A film with endless weird stuff and then just, y’know, an ending that in no way explains any of it? That’s a No from me, Simon.
Mamma Mia 2
I watched the first Mamma Mia when I was sick, and had a ball. It’s nothing special, but it’s a fun floofy musical, and who doesn’t like that?
Many people. Many people do not like that. But I am not one of them!
In turn, Mamma Mia 2: Mamma Harder was a fun floofy musical. Completely unnecessary, but a joy nonetheless. It’s up there with Deadpool, Ant-Man and the Wasp, and I guess Pacific Rim: Uprising in the list of “2018 sequels that are about as good as the original, which is to say they weren’t good enough get into the Top 6”.
This one? This was downright bad.
I was so hyped for Christopher Robin. You’ve got a reluctant protagonist unwilling to deal with his childhood imaginary friends (a very specific genre I adore) and one of my favourite franchises of all times.
I went into this film desperately hoping for a Paddington, but ended up with a The Smurfs.
My main complaint was the character design (I wanted yellow happy Pooh, not brown and neutral-expressioned Pooh!) and the whininess of all the stuffed animals. Pooh isn’t whiny, he’s whimsical! That’s his whole schtick!
Can we please redo this film with whoever made Paddington? That’s the film I want to see.
The Happiness Murders
I’m a huge puppet fan (I haven’t puppeteered for years, but I really hope to get back to it soon) and Brian Henson’s previous directorial efforts are some of my favourite films of all time.
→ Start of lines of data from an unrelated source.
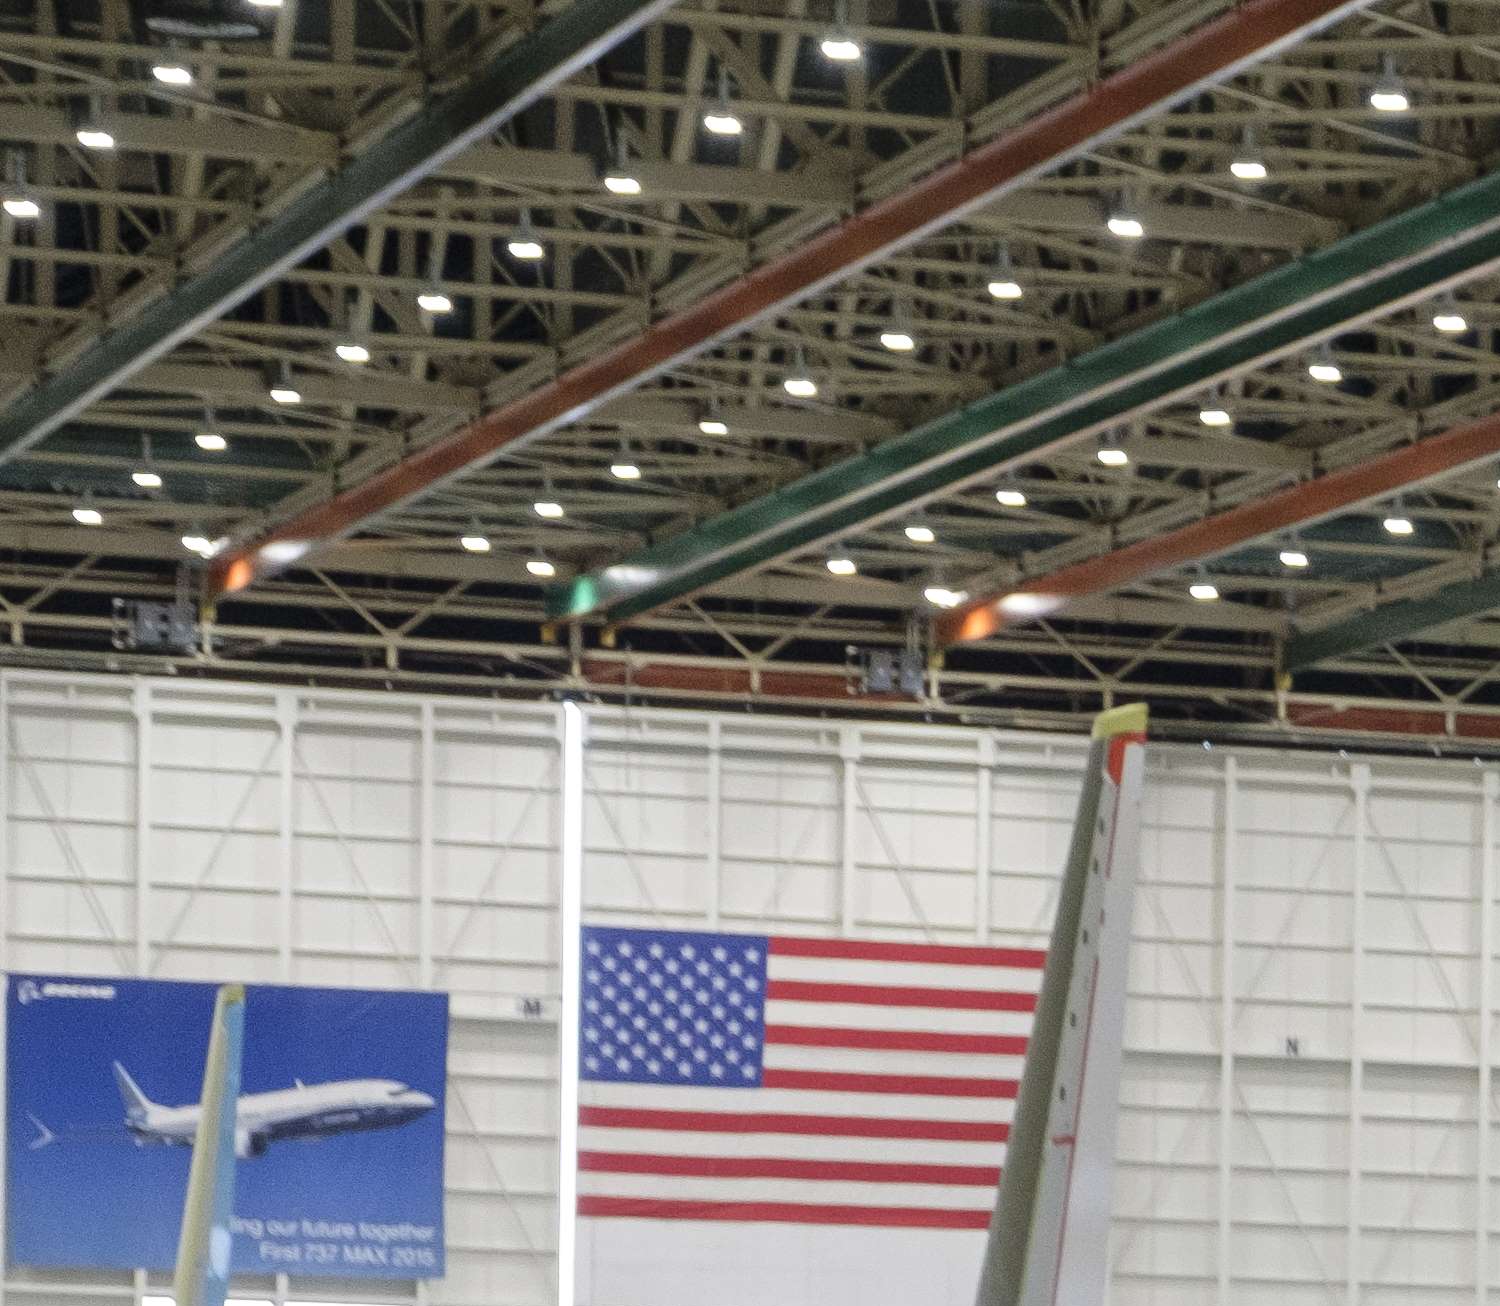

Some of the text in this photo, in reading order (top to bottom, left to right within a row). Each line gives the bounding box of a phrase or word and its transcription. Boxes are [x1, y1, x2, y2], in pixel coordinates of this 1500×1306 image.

[1286, 1036, 1298, 1057] N
[266, 1220, 298, 1237] our
[302, 1219, 356, 1238] future
[358, 1222, 435, 1242] together
[259, 1241, 299, 1261] First
[305, 1243, 337, 1262] 737
[343, 1245, 386, 1265] MAX
The Happiness Murders is not joining them, alas. The film failed to do anything particularly clever or interesting with puppets – the joke was just “puppets, but crude”, over and over again. It was fine, but I wouldn’t watch it a second time.
See: Mamma Mia 2, replacing “musical” with “adaptation of a series of kid’s books”. More than ever, 2018 was the year of the “oh yeah it’s fine” sequel to films that were, in themselves, fine.
I started Solo, Crazy Rich Asians, and Johnny English Rides Again, but with a lot of films to get through in a very short amount of time, none of them grabbed me enough to finish (not that I was expecting much from Johnny English Rides Again).
Venom, Bumblebee, and Mary Poppins Returns didn’t get enough buzz to justify checking them out, so I skipped ‘em.
Aquaman was only just in cinemas during my marathon, so I wasn’t able to see that. I’m yet to find a non-Nolan DC film that I like, so I didn’t have high hopes for it (I watched the first ten minutes of Wonder Woman but it seemed too by-the-books for me).
A Star is Born seemed sort of interesting, but not really my kind of film.
I really really really wanted to see Ralph Breaks the Internet – the original Wreck-It Ralph is one of my top 6 Disney films, and I’d heard nothing but good things about the sequel. I’ve seen it since, and it’s hard to say whether it would have made the list. I’ll talk about it next year, in my Frozen 2 review.
A Quiet Place is another one I saw after the deadline, but I want to talk about it here – specifically in relation to Bird Box.
I don’t think A Quiet Place is better than Bird Box (although I’d truly love to know how I’d feel had I seen them in the opposite order), but the sheer amount of overlap would have made Bird Box feel less special.
I guess the idea of a horror film with one sense knocked out (sight for Bird Box, hearing for A Quiet Place) just happened to be in the air, and the two films do a good job of taking the concept in fairly different directions. Bird Box is a stronger film (the world’s logic is weaker, but the characters’ logic is stronger), but the existence of the other makes each film weaker, somehow.
I’m glad I saw Bird Box first, but I’m curious – if you’ve seen both, which did you prefer, and which did you see first?